HARLINGEN — The husky and German shepherd struggled with youthful energy as their owner instructed them.
“Here you go, sit,” said Aurelio Morales as the husky, Pixie, and Rex the German shepherd stepped onto the scales.
Morales had brought Pixie and Rex all the way from Pharr for the monthly Humane Society of Harlingen Vaccination Clinic. More than 500 dogs and cats descended on the Humane Society at 1106 Markowsky Ave. yesterday morning. A simple rabies shot could be given for only $12. A combination of rabies and the FHCP cat vaccination goes for $25.
“We were busier than anticipated,” said Terren Tull, director of operations for the Humane Society of Harlingen.
“We want to support the public since we know that the financial part of owning a pet can be difficult,” she said. “It’s good for pet health and safety.”
Dogs and puppies were given vaccinations for rabies, distemper and other conditions. Attendants screened them for heart worms and, if necessary, treated them with de-worming medication. Cats were also vaccinated against rabies and some other diseases.
Several lines stretched across the parking lot as owners waited for the proper station, whether it be for dogs, cats, heart worm testing or just to get their nails trimmed. The Humane Society of Harlingen offers these vaccination clinics each month.
Many animal lovers had brought rescue pets for vaccination. Yessica Guajardo had brought Lola, a sleek black cat, who turned around in her roomy cage.
“She’s one of my rescues,” said Guajardo, who’d driven all the way from San Benito.
“I take them and get them fixed and I just let them hang around at my house,” she said.

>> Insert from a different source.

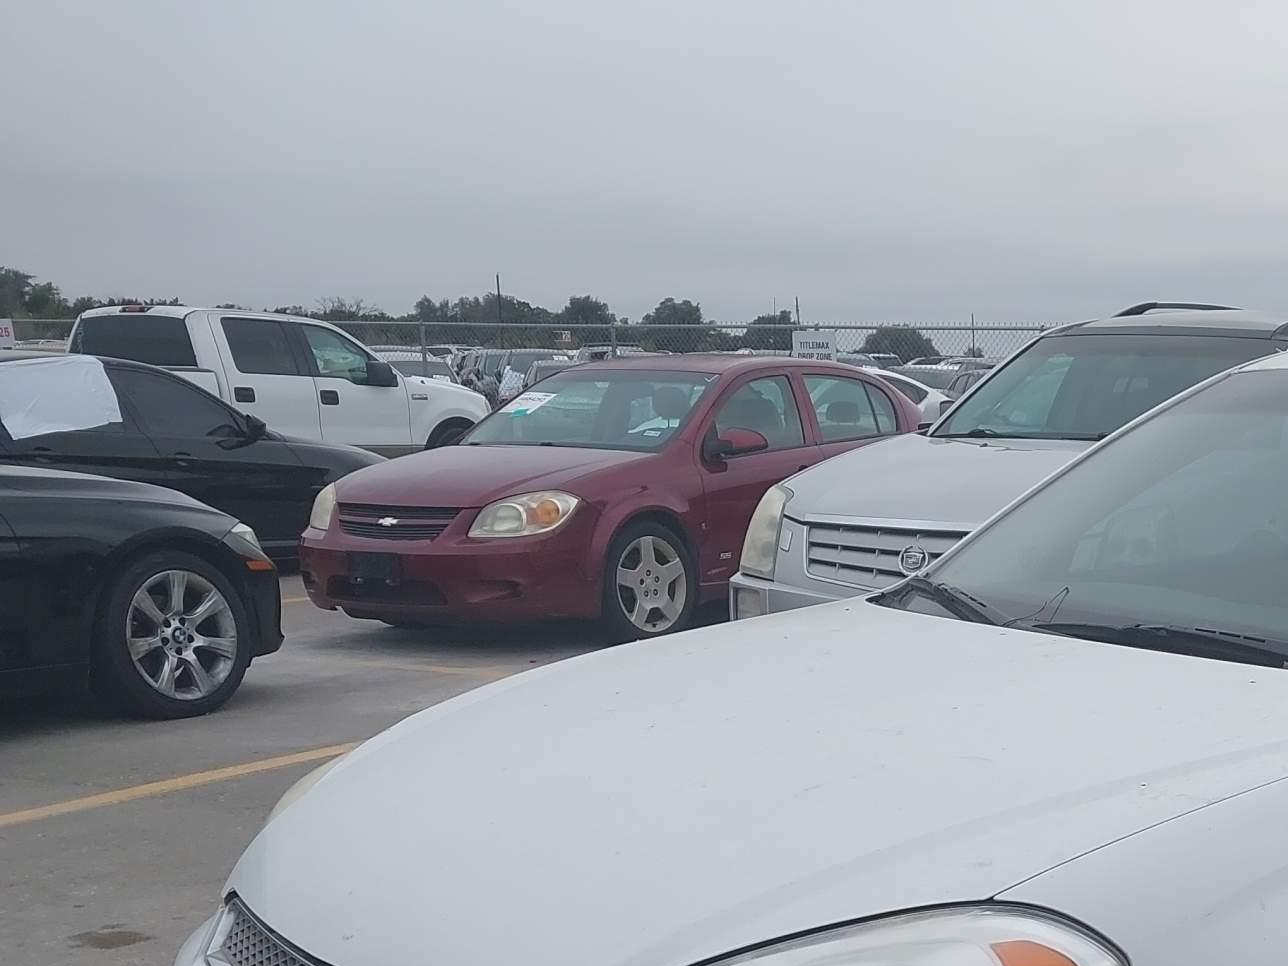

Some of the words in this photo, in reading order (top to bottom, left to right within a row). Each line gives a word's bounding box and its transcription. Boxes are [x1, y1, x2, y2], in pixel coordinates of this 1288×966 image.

[800, 341, 830, 350] TITLEMAX
[798, 352, 814, 360] DROP
[816, 352, 832, 360] ZONE

Guajardo thanked the Humane Society of Harlingen for holding the monthly clinics.
“I try to take advantage every time they have it,” she said.
Owners stood with pets psyched by all the activity, or perhaps shaking with fear from it. A man with a thick beard cradled his white spotted dog as he waited in line, a puppy shivered as it was given de-worming medication, cats hid in their cages surrounded by cover.
“Come on girls,” said a woman in a pink top as she led two frisky dogs away.
Morales said he appreciated the Humane Society offering the clinic.
“It’s great that you can get affordable vaccinations for your dogs,” he said. “I’ve been bringing them since they were small.”
The two dogs, about 4 years of age, showed an eager vitality as they struggled with the leashes, anxious to return home.
“Vaccinations are very important,” Morales said, and then, looking down at his dogs, added, “They are part of my family.”